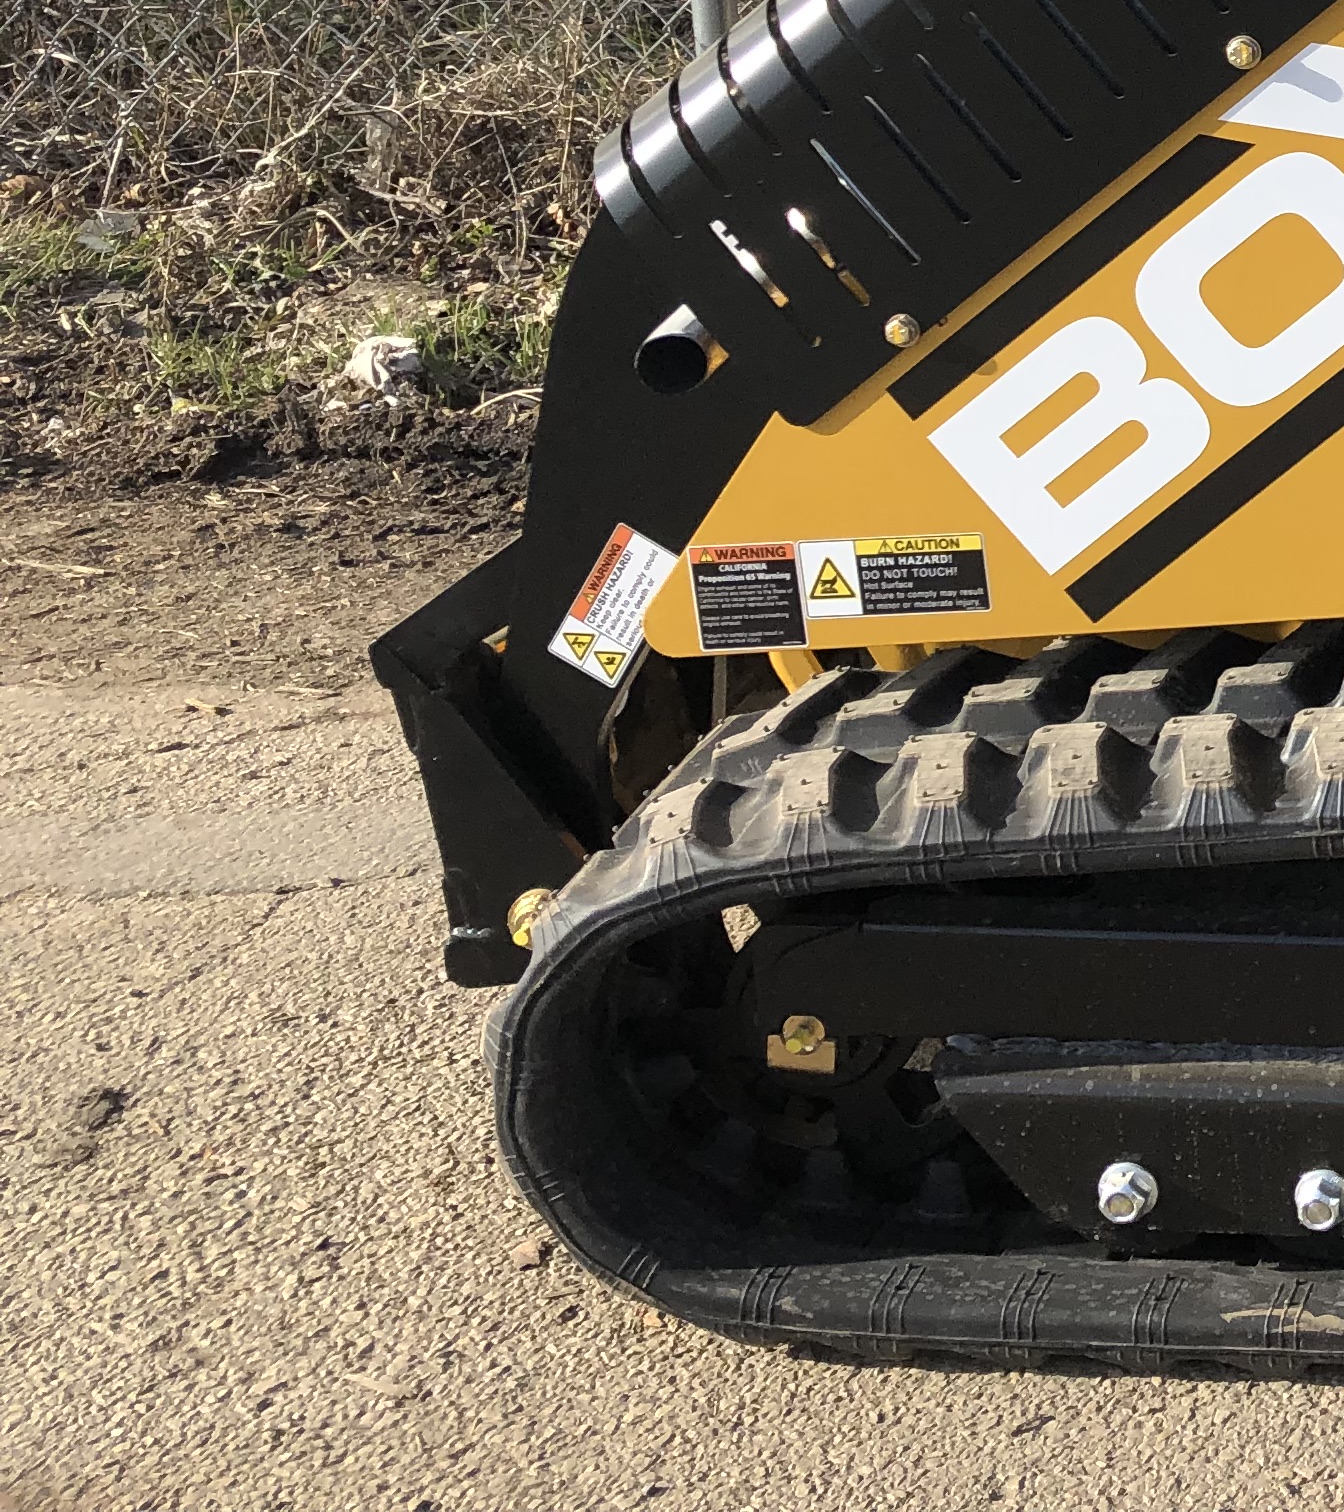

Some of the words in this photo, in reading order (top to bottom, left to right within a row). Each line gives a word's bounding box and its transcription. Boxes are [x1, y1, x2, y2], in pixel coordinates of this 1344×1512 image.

[894, 539, 960, 551] CAUTION
[714, 546, 787, 560] WARNING
[587, 543, 622, 591] WARNING
[718, 563, 767, 572] CALIFORNIA
[860, 557, 895, 567] BURN
[898, 555, 952, 565] HAZARD!
[862, 570, 880, 580] DO
[884, 569, 908, 578] NOT
[912, 567, 958, 577] TOUCH!
[604, 609, 624, 635] Failure
[620, 599, 630, 608] to
[627, 571, 646, 598] comply
[643, 548, 658, 570] could
[865, 592, 894, 600] Failure
[907, 590, 937, 598] comply
[940, 589, 957, 598] may
[586, 591, 609, 623] CRUSH
[595, 609, 611, 629] Keep
[608, 588, 624, 608] clear.
[615, 618, 632, 641] result
[627, 610, 636, 618] in
[633, 588, 649, 609] death
[647, 577, 654, 587] or

=====

**What is expected:** Print verbatim every line above, apart from the pictures.

**Task response:**
Some of the words in this photo, in reading order (top to bottom, left to right within a row). Each line gives a word's bounding box and its transcription. Boxes are [x1, y1, x2, y2], in pixel coordinates of this 1344×1512 image.

[894, 539, 960, 551] CAUTION
[714, 546, 787, 560] WARNING
[587, 543, 622, 591] WARNING
[718, 563, 767, 572] CALIFORNIA
[860, 557, 895, 567] BURN
[898, 555, 952, 565] HAZARD!
[862, 570, 880, 580] DO
[884, 569, 908, 578] NOT
[912, 567, 958, 577] TOUCH!
[604, 609, 624, 635] Failure
[620, 599, 630, 608] to
[627, 571, 646, 598] comply
[643, 548, 658, 570] could
[865, 592, 894, 600] Failure
[907, 590, 937, 598] comply
[940, 589, 957, 598] may
[586, 591, 609, 623] CRUSH
[595, 609, 611, 629] Keep
[608, 588, 624, 608] clear.
[615, 618, 632, 641] result
[627, 610, 636, 618] in
[633, 588, 649, 609] death
[647, 577, 654, 587] or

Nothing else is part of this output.